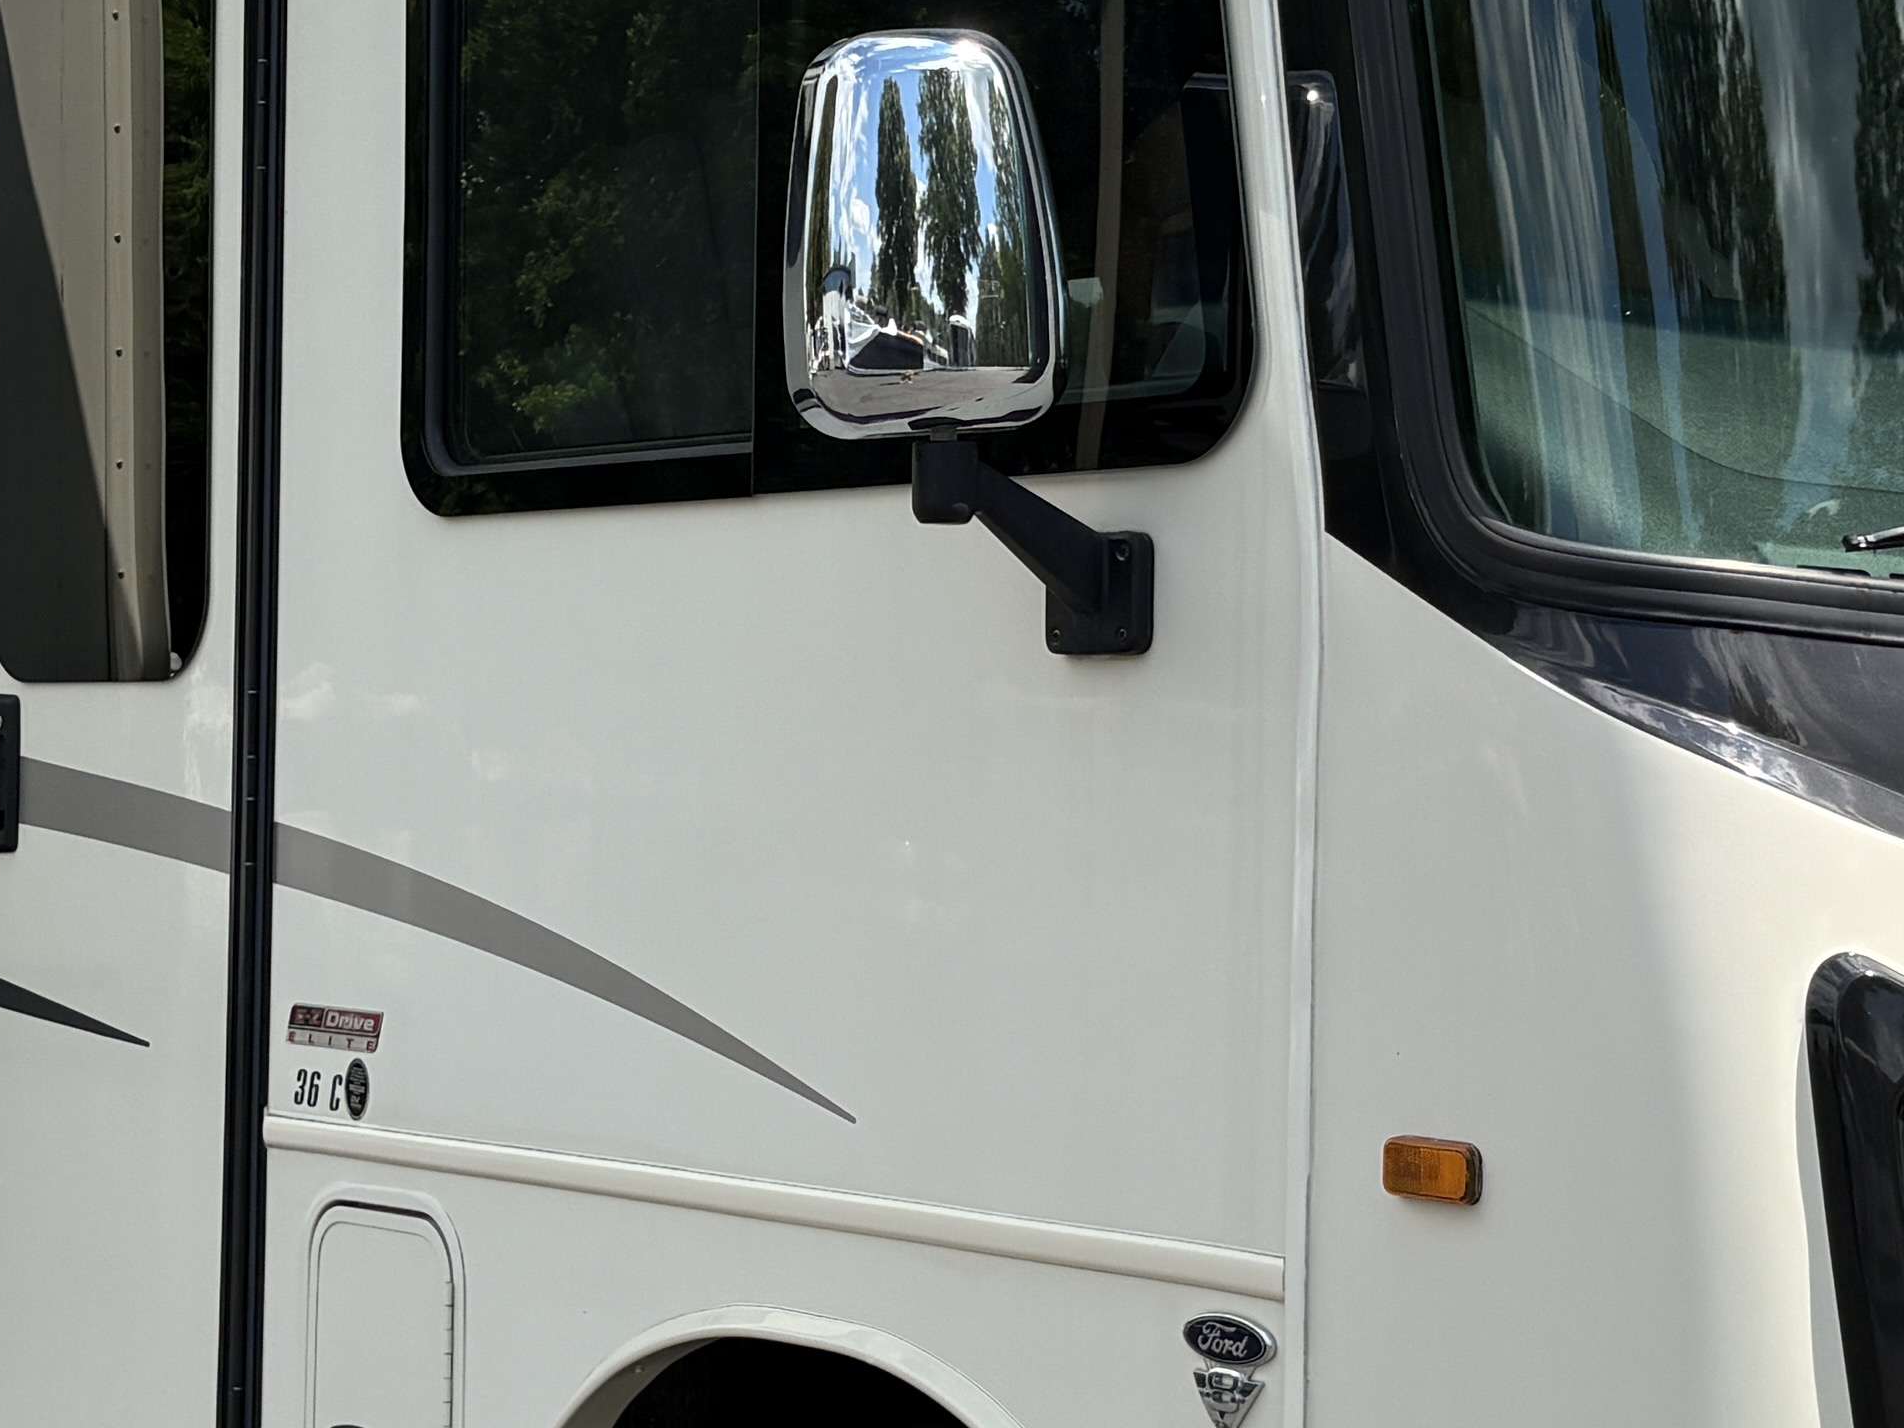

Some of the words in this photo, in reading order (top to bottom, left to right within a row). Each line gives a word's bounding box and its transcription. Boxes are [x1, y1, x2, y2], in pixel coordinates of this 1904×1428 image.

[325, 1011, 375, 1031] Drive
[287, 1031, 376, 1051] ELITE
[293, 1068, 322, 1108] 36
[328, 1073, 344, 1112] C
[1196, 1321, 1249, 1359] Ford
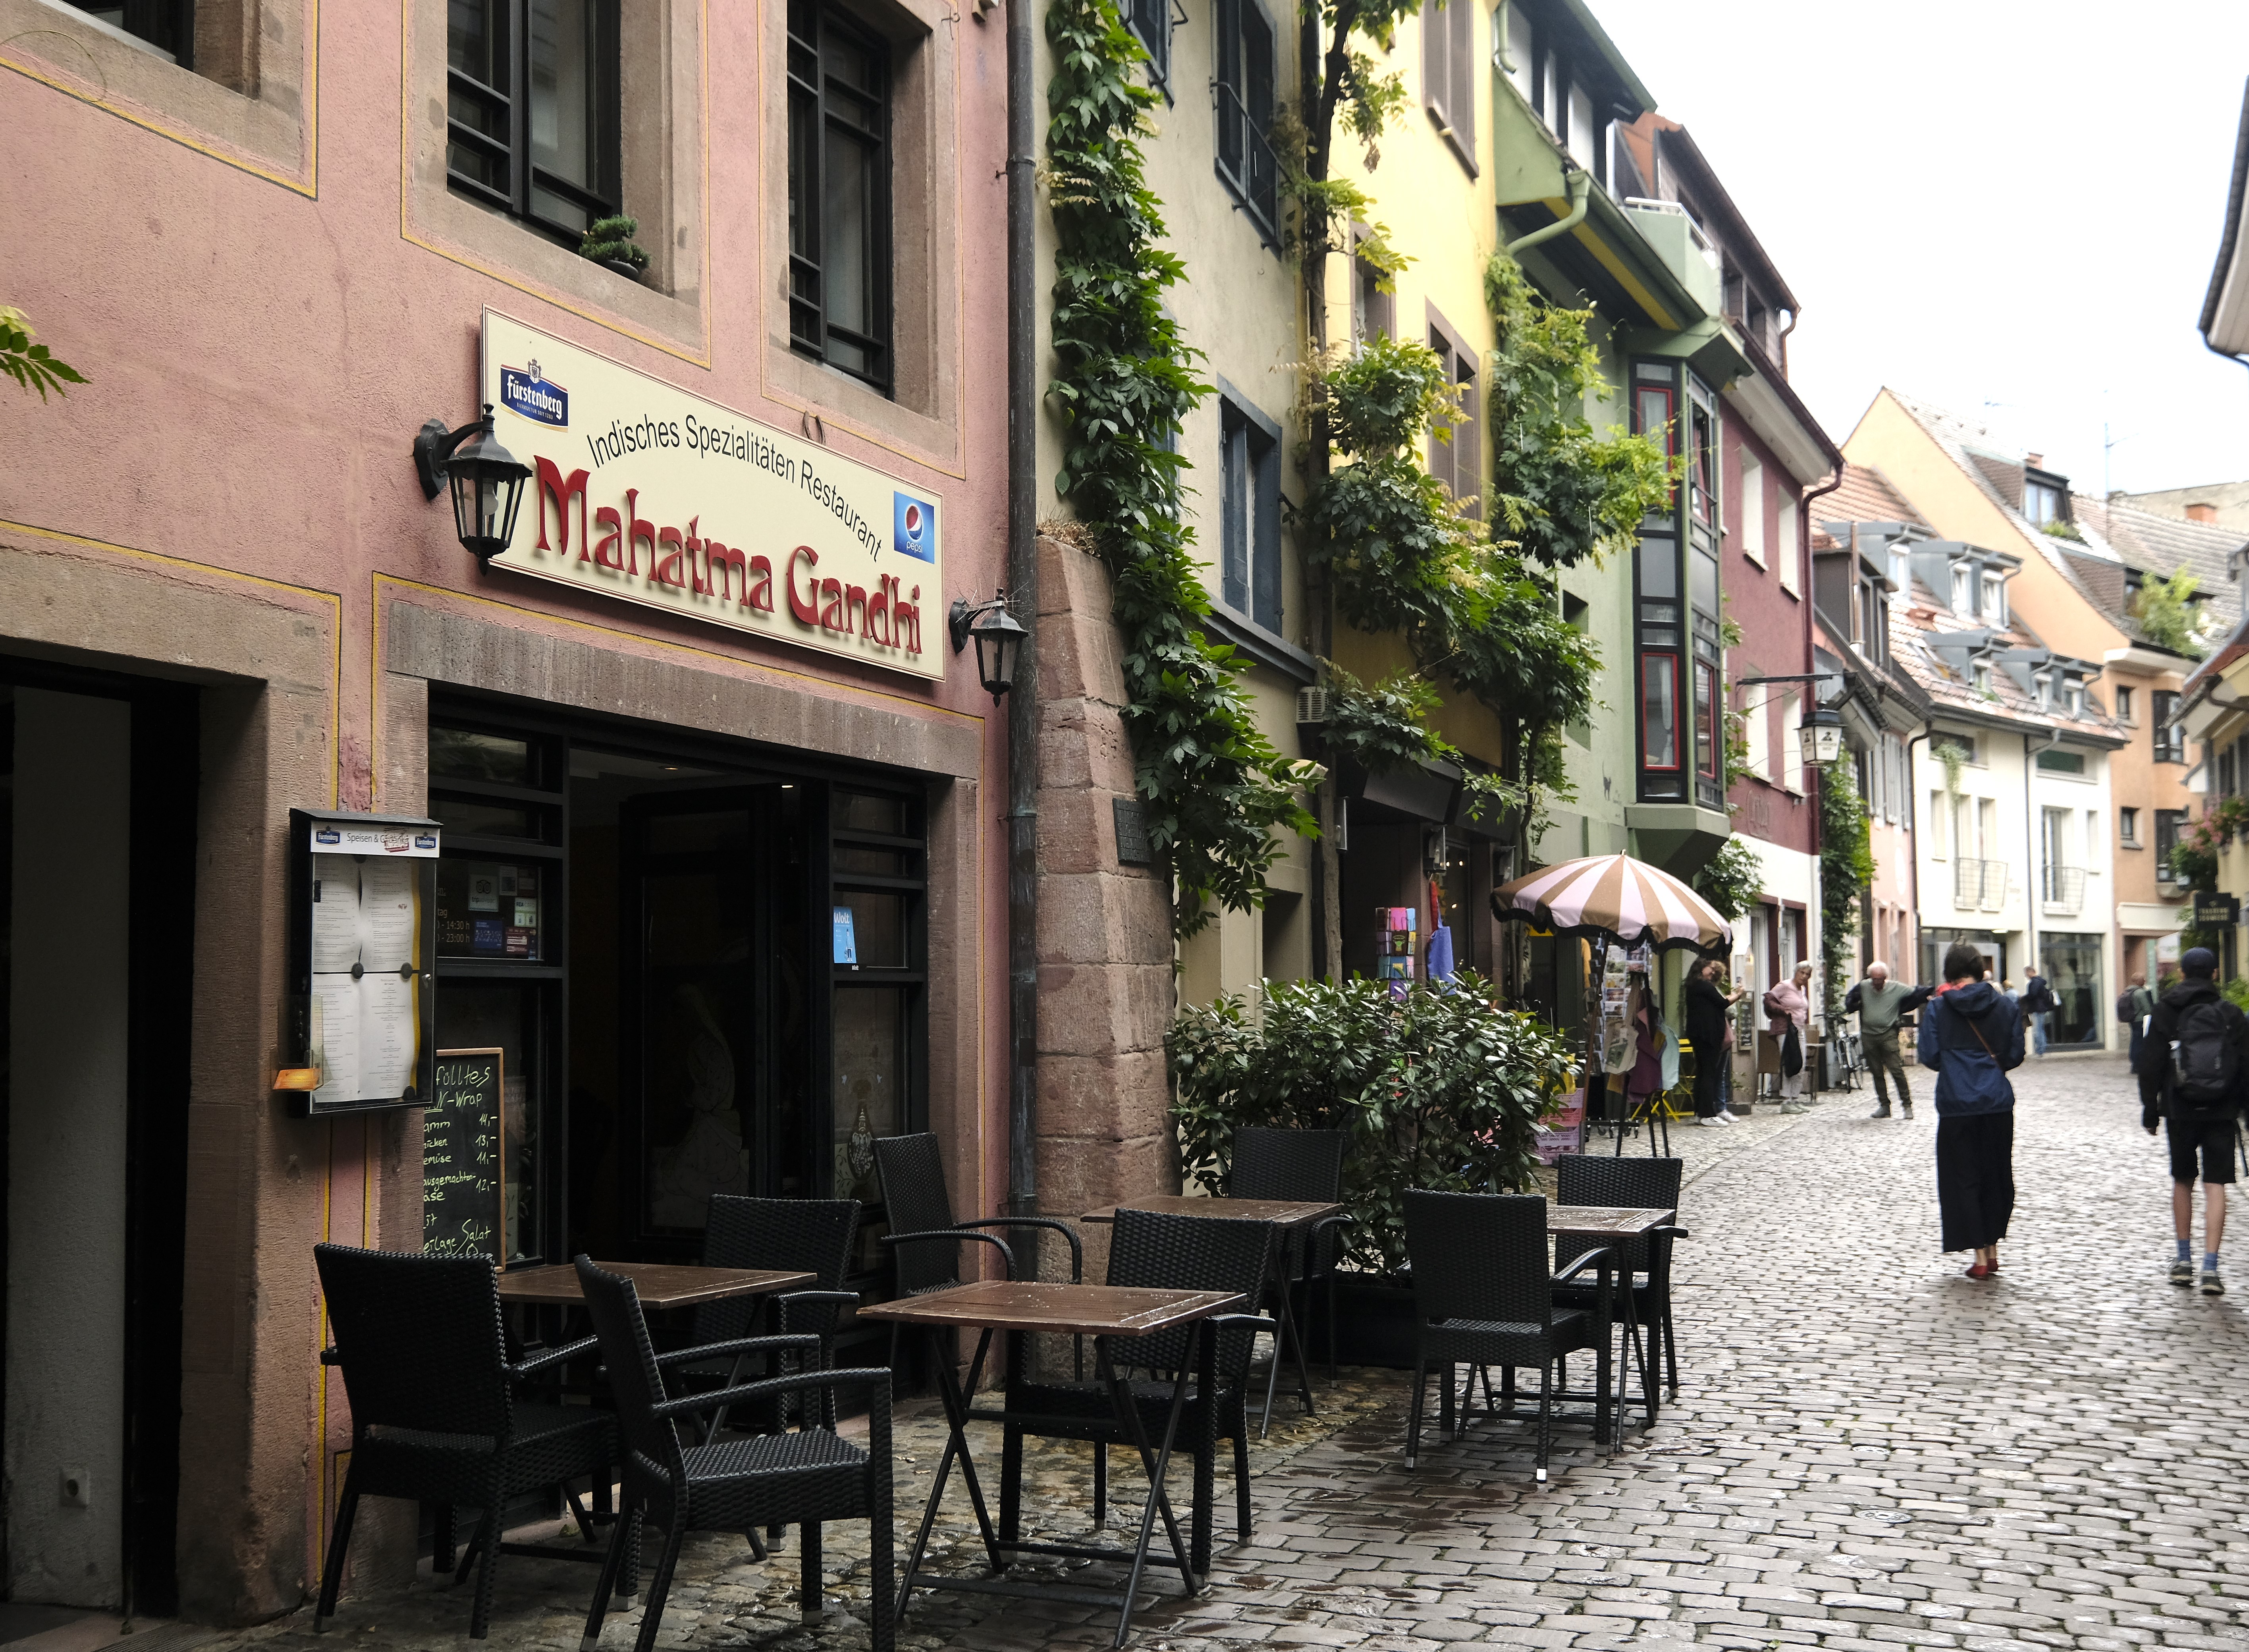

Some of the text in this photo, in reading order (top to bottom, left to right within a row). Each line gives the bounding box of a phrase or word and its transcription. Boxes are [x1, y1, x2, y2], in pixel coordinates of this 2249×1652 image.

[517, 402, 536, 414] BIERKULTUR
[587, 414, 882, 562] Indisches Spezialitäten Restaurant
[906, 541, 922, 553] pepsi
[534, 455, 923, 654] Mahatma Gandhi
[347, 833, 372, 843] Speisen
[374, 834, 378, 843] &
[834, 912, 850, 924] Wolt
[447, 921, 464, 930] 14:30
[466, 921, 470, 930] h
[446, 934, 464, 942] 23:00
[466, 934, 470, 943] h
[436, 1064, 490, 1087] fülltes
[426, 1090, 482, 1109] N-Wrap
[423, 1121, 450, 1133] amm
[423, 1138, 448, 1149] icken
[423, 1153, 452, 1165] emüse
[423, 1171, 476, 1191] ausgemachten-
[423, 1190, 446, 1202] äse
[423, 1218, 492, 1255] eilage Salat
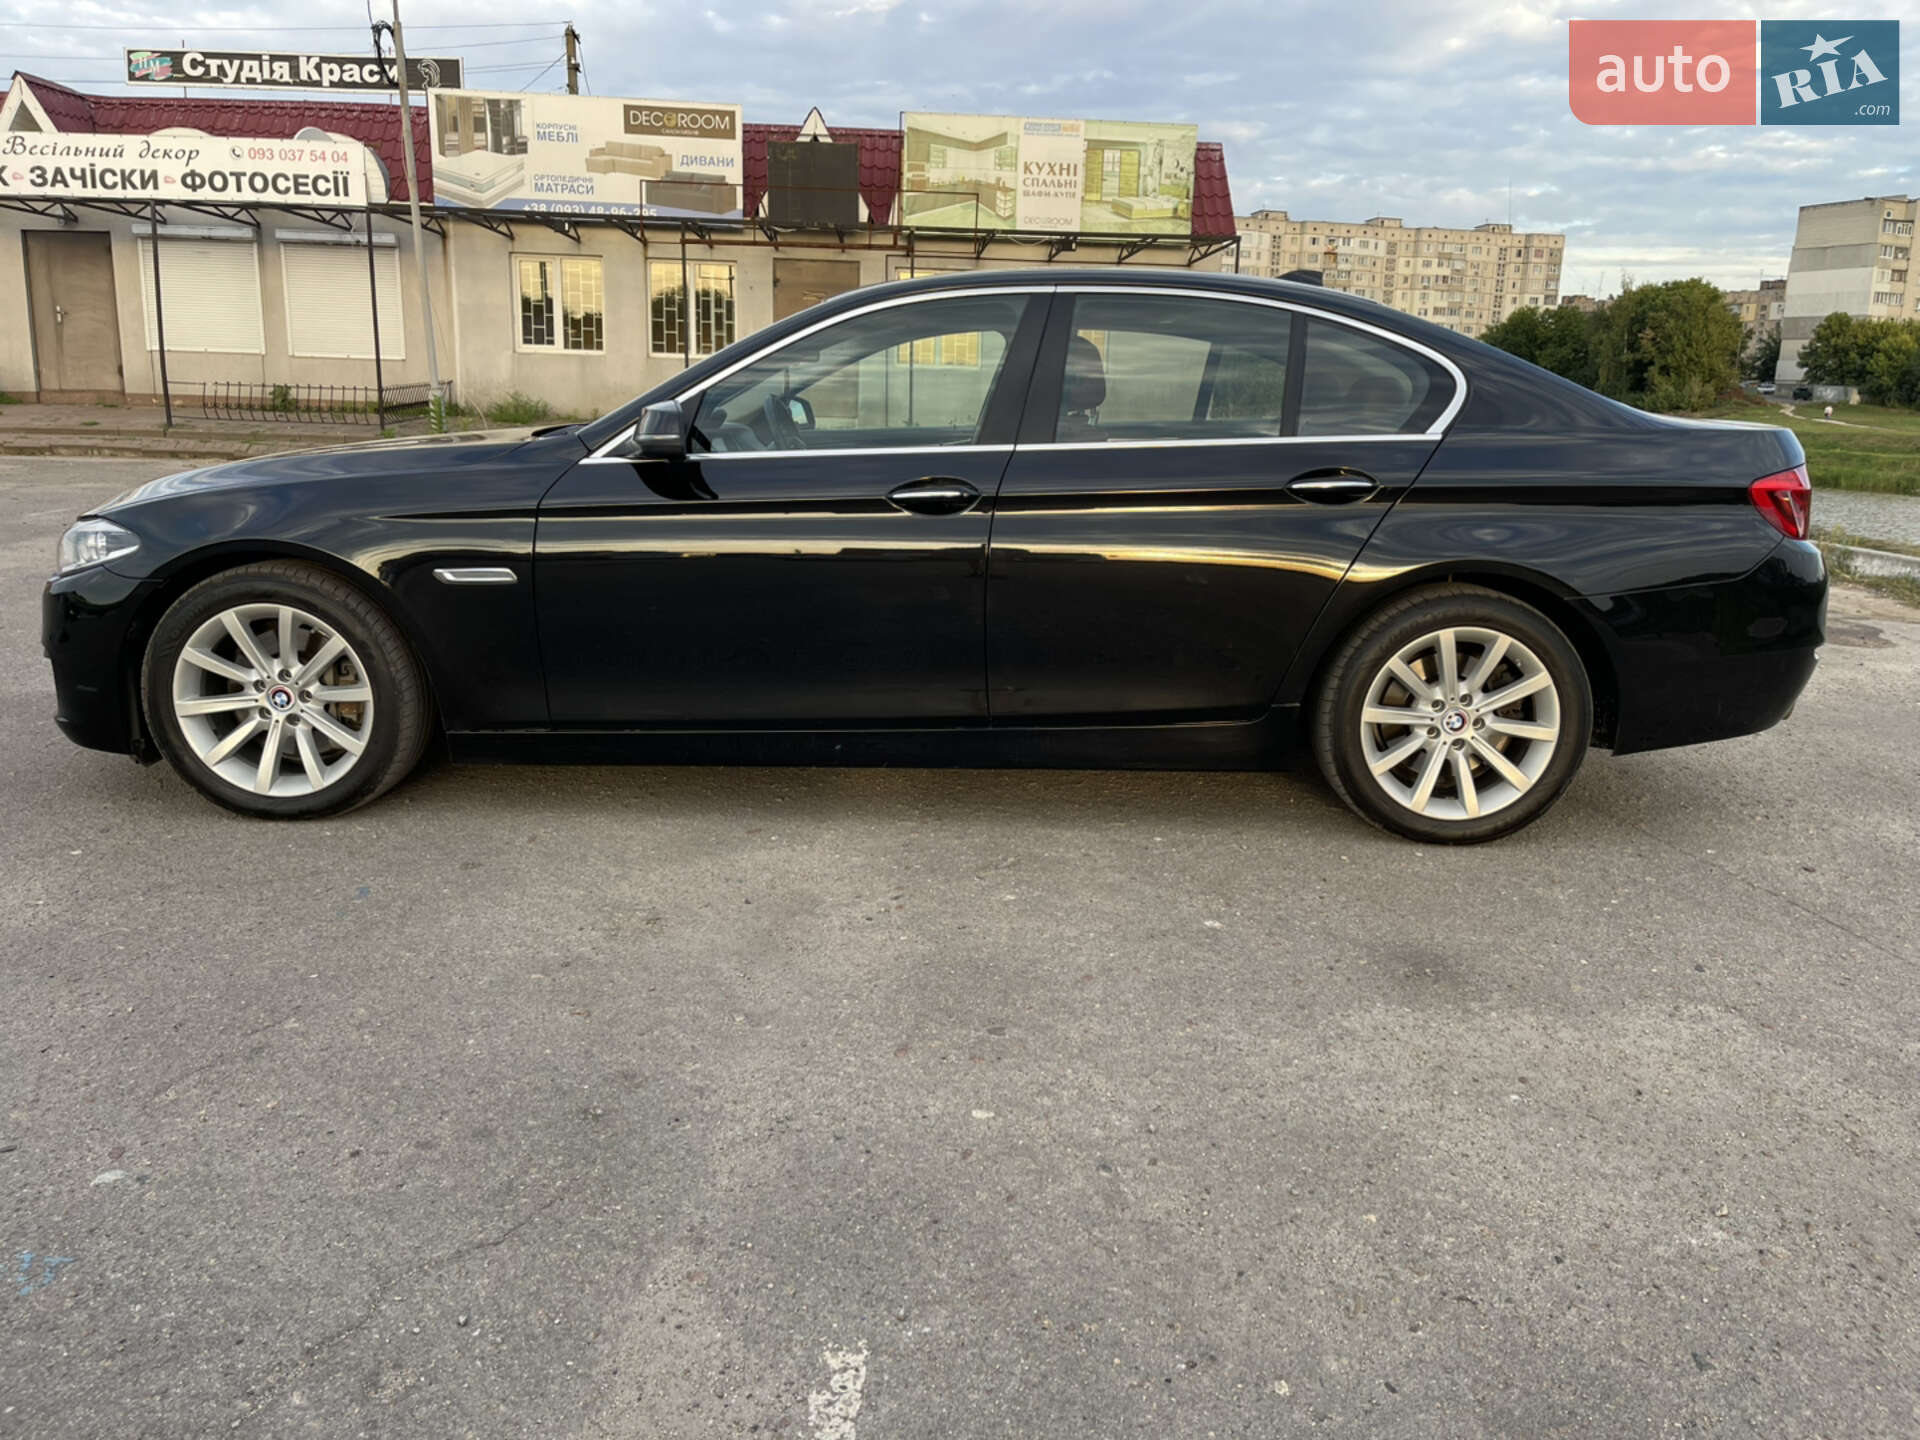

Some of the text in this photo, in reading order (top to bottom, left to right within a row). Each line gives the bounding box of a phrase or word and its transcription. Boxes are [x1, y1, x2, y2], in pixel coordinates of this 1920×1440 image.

### Exercise aim
Omit every picture while transcribing the records above exactly.

### Answer to this problem
Some of the words in this photo, in reading order (top to bottom, left to right within a row). Each line gives a word's bounding box and its transcription. Boxes are [x1, y1, x2, y2], in pixel coordinates of this 1904×1428 image.

[325, 1011, 375, 1031] Drive
[287, 1031, 376, 1051] ELITE
[293, 1068, 322, 1108] 36
[328, 1073, 344, 1112] C
[1196, 1321, 1249, 1359] Ford

Some of the text in this photo, in reading order (top to bottom, left to right within a row). Each line gives the bounding box of a phrase or word and its transcription. Boxes are [x1, y1, x2, y2], in pixel coordinates of this 2249×1652 image.

[517, 402, 536, 414] BIERKULTUR
[587, 414, 882, 562] Indisches Spezialitäten Restaurant
[906, 541, 922, 553] pepsi
[534, 455, 923, 654] Mahatma Gandhi
[347, 833, 372, 843] Speisen
[374, 834, 378, 843] &
[834, 912, 850, 924] Wolt
[447, 921, 464, 930] 14:30
[466, 921, 470, 930] h
[446, 934, 464, 942] 23:00
[466, 934, 470, 943] h
[436, 1064, 490, 1087] fülltes
[426, 1090, 482, 1109] N-Wrap
[423, 1121, 450, 1133] amm
[423, 1138, 448, 1149] icken
[423, 1153, 452, 1165] emüse
[423, 1171, 476, 1191] ausgemachten-
[423, 1190, 446, 1202] äse
[423, 1218, 492, 1255] eilage Salat

Some of the text in this photo, in reading order (top to bottom, left to right within a row). Each line gives the bounding box of a phrase or word and its transcription. Boxes are [x1, y1, x2, y2], in pixel coordinates of this 1920×1440 image.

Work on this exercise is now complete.